Dick Ramsdale

Personal information
- Full name: Richard Ramsdale
- Born: 11 May 1885 Wigan, England
- Died: 8 June 1933 (aged 48) Wigan, England

Playing information
- Height: 6 ft 1 in (1.85 m)
- Weight: 14 st 0 lb (89 kg)
- Position: Forward
Club
| Years | Team | Pld | T | G | FG | P |
| 1905–21 | Wigan | 313 | 34 | 0 | 0 | 102 |
Representative
| Years | Team | Pld | T | G | FG | P |
| ≥1905–≤21 | Lancashire |  |  |  |  |  |
| 1910–14 | England | 5 | 0 | 0 | 0 | 0 |
| 1910–14 | Great Britain | 8 | 0 | 0 | 0 | 0 |
- Source:

= Dick Ramsdale =

Great Britain and England international rugby league footballer

Richard Ramsdale (11 May 1885 – 8 June 1933) was an English professional rugby league footballer who played in the 1900s, 1910s and 1920s. He played at representative level for Great Britain, England and Lancashire, and at club level for Platt Bridge ARLFC (in Platt Bridge, Wigan), and Wigan, as a forward.

==Background==
Ramsdale's birth was registered in Wigan, Lancashire, England, and he died aged 48 in Wigan, Lancashire, England.

==Playing career==
Ramsdale played as a forward in Wigan's 10–9 victory over Oldham in the 1908 Lancashire Cup Final during the 1908–09 season at Wheater's Field, Broughton, on Saturday 19 December 1908.
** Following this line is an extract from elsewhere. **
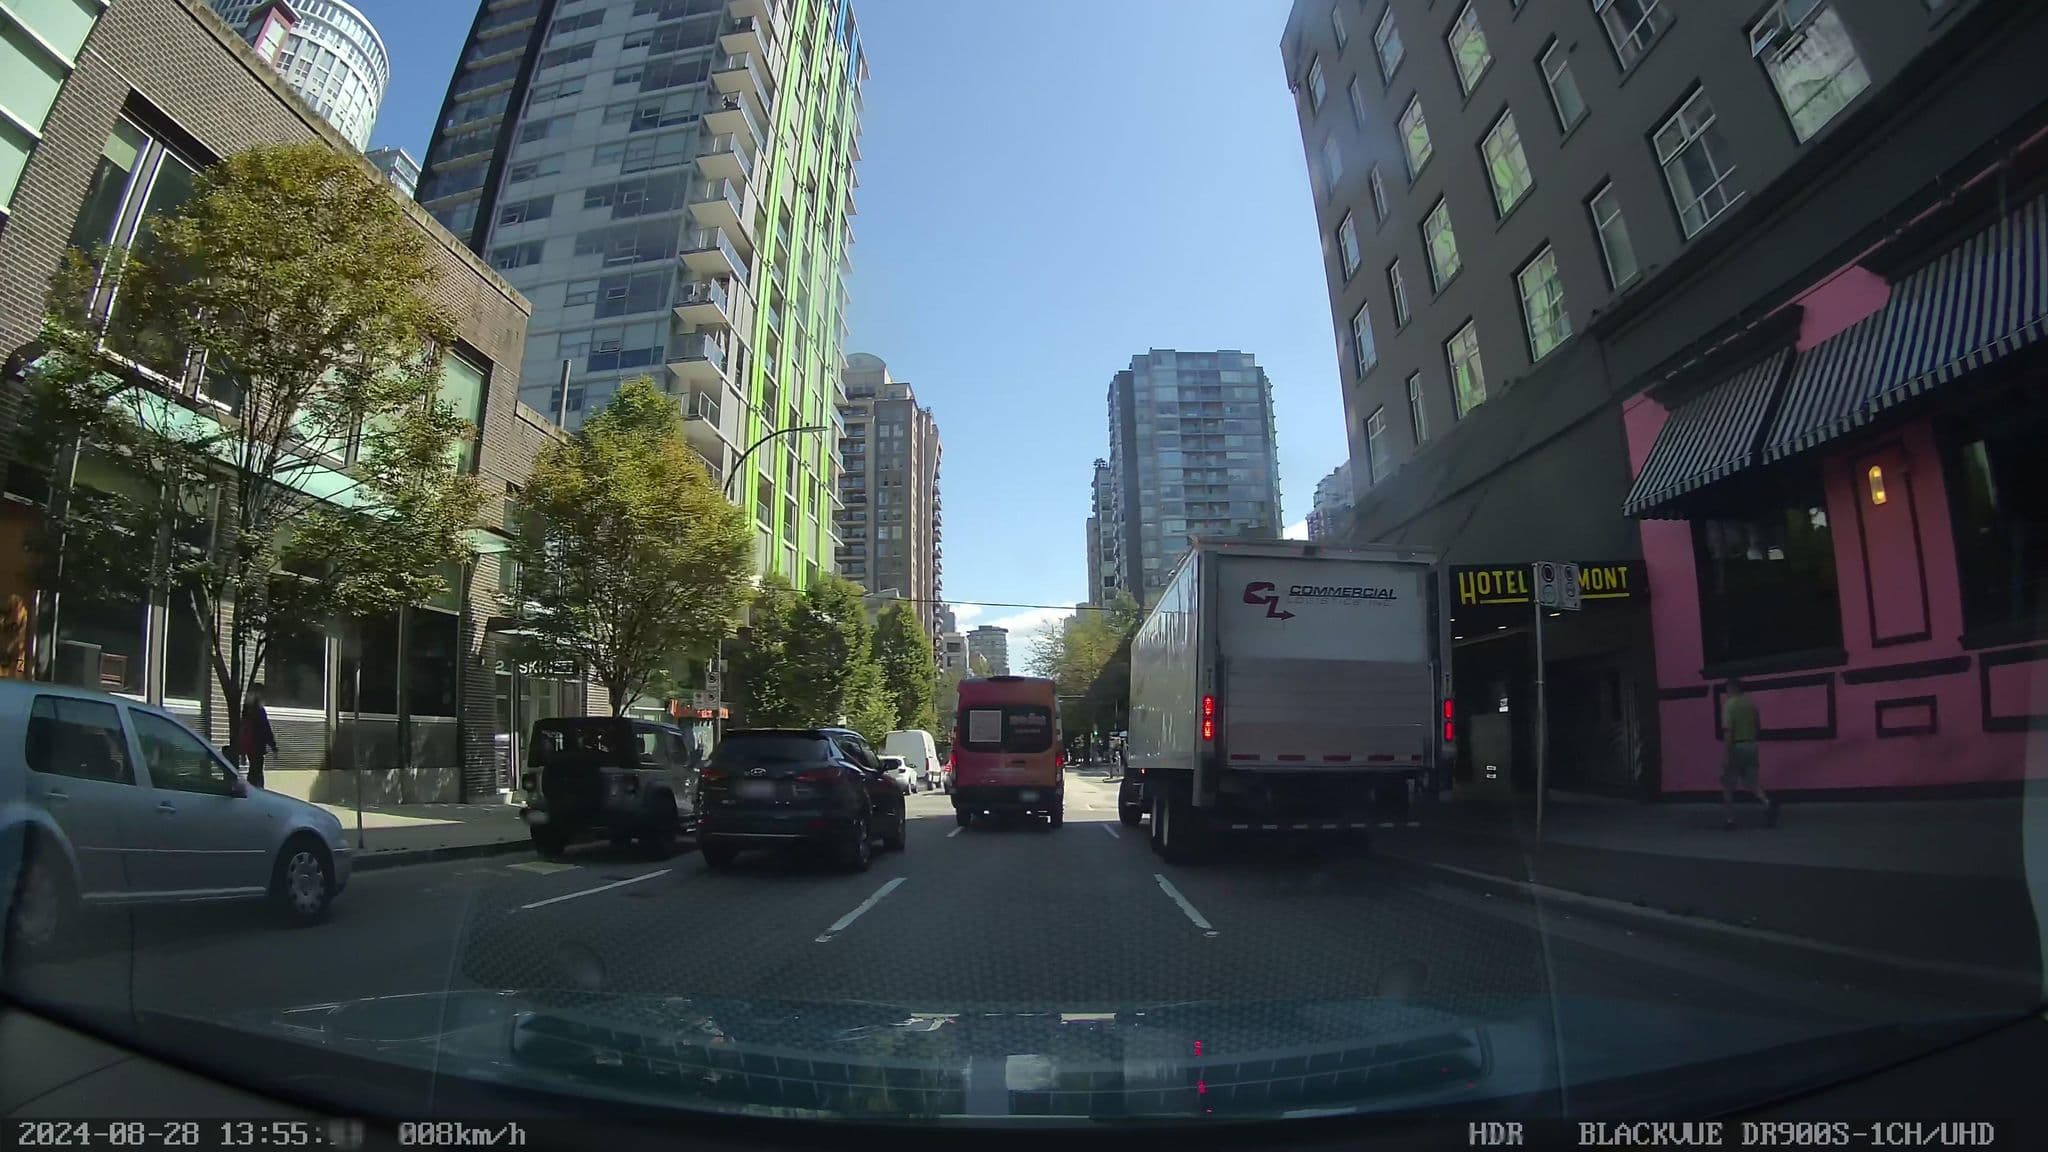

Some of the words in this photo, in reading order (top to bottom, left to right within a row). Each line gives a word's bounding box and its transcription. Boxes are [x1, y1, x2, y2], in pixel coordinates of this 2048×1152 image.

[1289, 585, 1398, 600] COMMERCIAL
[1458, 570, 1529, 605] HOTEL
[1577, 566, 1629, 591] MONT
Ramsdale played as a forward, and scored his side's only try in Wigan's 7–3 victory over Oldham in the Championship Final during the 1908–09 season at The Willows, Salford on Saturday 1 May 1909.

He played as a forward in the 22–5 victory over Leigh in the 1909 Lancashire Cup Final during the 1909–10 Northern Rugby Football Union season at Wheater's Field, Broughton, on Saturday 27 November 1909.

Ramsdale won caps for England while at Wigan in 1910 against Wales, in 1911 against Australia (2 matches), in 1913 against Wales, in 1914 against Wales, and won caps for Great Britain while at Wigan on the 1910 Great Britain Lions tour of Australia and New Zealand against Australia and Australasia, in 1911–12 against Australia (2 matches), and in 1914 against Australia (3 matches), and New Zealand.

Ramsdale played as a forward in the 21–5 victory over Rochdale Hornets in the 1912 Lancashire Cup Final during the 1912–13 season at Weaste, Salford, on Wednesday 11 December 1912.

Ramsdale played in Wigan's victories in the Lancashire League during the 1908–09 season, 1910–11 season, 1911–12 season, 1912–13 season, 1913–14 season, 1914–15 season and 1920–21 season.

A Testimonial match at Wigan was shared by; Bert Jenkins, Dick Ramsdale, and Johnny Thomas.